*Your assignment*: All that is wanted is an exact copy of the line containing "this 1626×1628 image." and the lines after it, through the end of the records.

===============

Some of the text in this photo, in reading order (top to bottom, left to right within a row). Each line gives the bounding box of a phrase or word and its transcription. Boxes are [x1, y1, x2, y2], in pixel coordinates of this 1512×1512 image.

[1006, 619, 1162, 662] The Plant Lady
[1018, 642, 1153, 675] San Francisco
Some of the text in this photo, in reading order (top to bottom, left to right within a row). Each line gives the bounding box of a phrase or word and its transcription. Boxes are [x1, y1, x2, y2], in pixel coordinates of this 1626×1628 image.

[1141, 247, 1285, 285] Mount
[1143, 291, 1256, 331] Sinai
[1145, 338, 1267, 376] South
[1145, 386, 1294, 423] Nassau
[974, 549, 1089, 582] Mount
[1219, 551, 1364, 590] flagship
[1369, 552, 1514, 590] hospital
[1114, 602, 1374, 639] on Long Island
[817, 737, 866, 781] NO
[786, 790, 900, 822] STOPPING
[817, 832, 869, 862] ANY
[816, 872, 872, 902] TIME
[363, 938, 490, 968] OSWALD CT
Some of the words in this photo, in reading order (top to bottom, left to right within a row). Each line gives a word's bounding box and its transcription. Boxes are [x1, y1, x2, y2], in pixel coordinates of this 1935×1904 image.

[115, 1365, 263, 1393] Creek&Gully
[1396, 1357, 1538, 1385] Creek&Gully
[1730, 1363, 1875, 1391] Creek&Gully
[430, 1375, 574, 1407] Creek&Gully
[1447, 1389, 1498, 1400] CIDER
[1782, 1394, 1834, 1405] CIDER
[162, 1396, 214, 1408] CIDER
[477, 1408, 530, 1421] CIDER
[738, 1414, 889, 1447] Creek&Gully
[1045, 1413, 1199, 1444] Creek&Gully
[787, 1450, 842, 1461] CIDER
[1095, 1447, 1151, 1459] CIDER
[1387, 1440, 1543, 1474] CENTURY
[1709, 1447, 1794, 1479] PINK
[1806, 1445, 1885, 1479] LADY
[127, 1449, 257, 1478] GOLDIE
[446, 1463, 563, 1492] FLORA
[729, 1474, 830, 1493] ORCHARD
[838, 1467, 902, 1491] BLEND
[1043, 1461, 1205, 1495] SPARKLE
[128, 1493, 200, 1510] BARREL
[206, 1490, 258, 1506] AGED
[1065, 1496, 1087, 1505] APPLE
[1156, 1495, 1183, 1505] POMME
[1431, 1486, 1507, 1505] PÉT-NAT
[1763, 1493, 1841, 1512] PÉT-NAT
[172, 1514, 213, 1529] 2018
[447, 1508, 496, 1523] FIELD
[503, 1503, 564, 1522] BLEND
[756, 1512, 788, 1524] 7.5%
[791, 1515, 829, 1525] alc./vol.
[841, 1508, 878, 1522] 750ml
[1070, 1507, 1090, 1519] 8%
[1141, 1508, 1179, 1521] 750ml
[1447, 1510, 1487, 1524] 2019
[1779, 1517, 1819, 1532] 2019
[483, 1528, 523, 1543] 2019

===============

*Result of this task*:
Some of the text in this photo, in reading order (top to bottom, left to right within a row). Each line gives the bounding box of a phrase or word and its transcription. Boxes are [x1, y1, x2, y2], in pixel coordinates of this 1626×1628 image.

[1141, 247, 1285, 285] Mount
[1143, 291, 1256, 331] Sinai
[1145, 338, 1267, 376] South
[1145, 386, 1294, 423] Nassau
[974, 549, 1089, 582] Mount
[1219, 551, 1364, 590] flagship
[1369, 552, 1514, 590] hospital
[1114, 602, 1374, 639] on Long Island
[817, 737, 866, 781] NO
[786, 790, 900, 822] STOPPING
[817, 832, 869, 862] ANY
[816, 872, 872, 902] TIME
[363, 938, 490, 968] OSWALD CT
Some of the words in this photo, in reading order (top to bottom, left to right within a row). Each line gives a word's bounding box and its transcription. Boxes are [x1, y1, x2, y2], in pixel coordinates of this 1935×1904 image.

[115, 1365, 263, 1393] Creek&Gully
[1396, 1357, 1538, 1385] Creek&Gully
[1730, 1363, 1875, 1391] Creek&Gully
[430, 1375, 574, 1407] Creek&Gully
[1447, 1389, 1498, 1400] CIDER
[1782, 1394, 1834, 1405] CIDER
[162, 1396, 214, 1408] CIDER
[477, 1408, 530, 1421] CIDER
[738, 1414, 889, 1447] Creek&Gully
[1045, 1413, 1199, 1444] Creek&Gully
[787, 1450, 842, 1461] CIDER
[1095, 1447, 1151, 1459] CIDER
[1387, 1440, 1543, 1474] CENTURY
[1709, 1447, 1794, 1479] PINK
[1806, 1445, 1885, 1479] LADY
[127, 1449, 257, 1478] GOLDIE
[446, 1463, 563, 1492] FLORA
[729, 1474, 830, 1493] ORCHARD
[838, 1467, 902, 1491] BLEND
[1043, 1461, 1205, 1495] SPARKLE
[128, 1493, 200, 1510] BARREL
[206, 1490, 258, 1506] AGED
[1065, 1496, 1087, 1505] APPLE
[1156, 1495, 1183, 1505] POMME
[1431, 1486, 1507, 1505] PÉT-NAT
[1763, 1493, 1841, 1512] PÉT-NAT
[172, 1514, 213, 1529] 2018
[447, 1508, 496, 1523] FIELD
[503, 1503, 564, 1522] BLEND
[756, 1512, 788, 1524] 7.5%
[791, 1515, 829, 1525] alc./vol.
[841, 1508, 878, 1522] 750ml
[1070, 1507, 1090, 1519] 8%
[1141, 1508, 1179, 1521] 750ml
[1447, 1510, 1487, 1524] 2019
[1779, 1517, 1819, 1532] 2019
[483, 1528, 523, 1543] 2019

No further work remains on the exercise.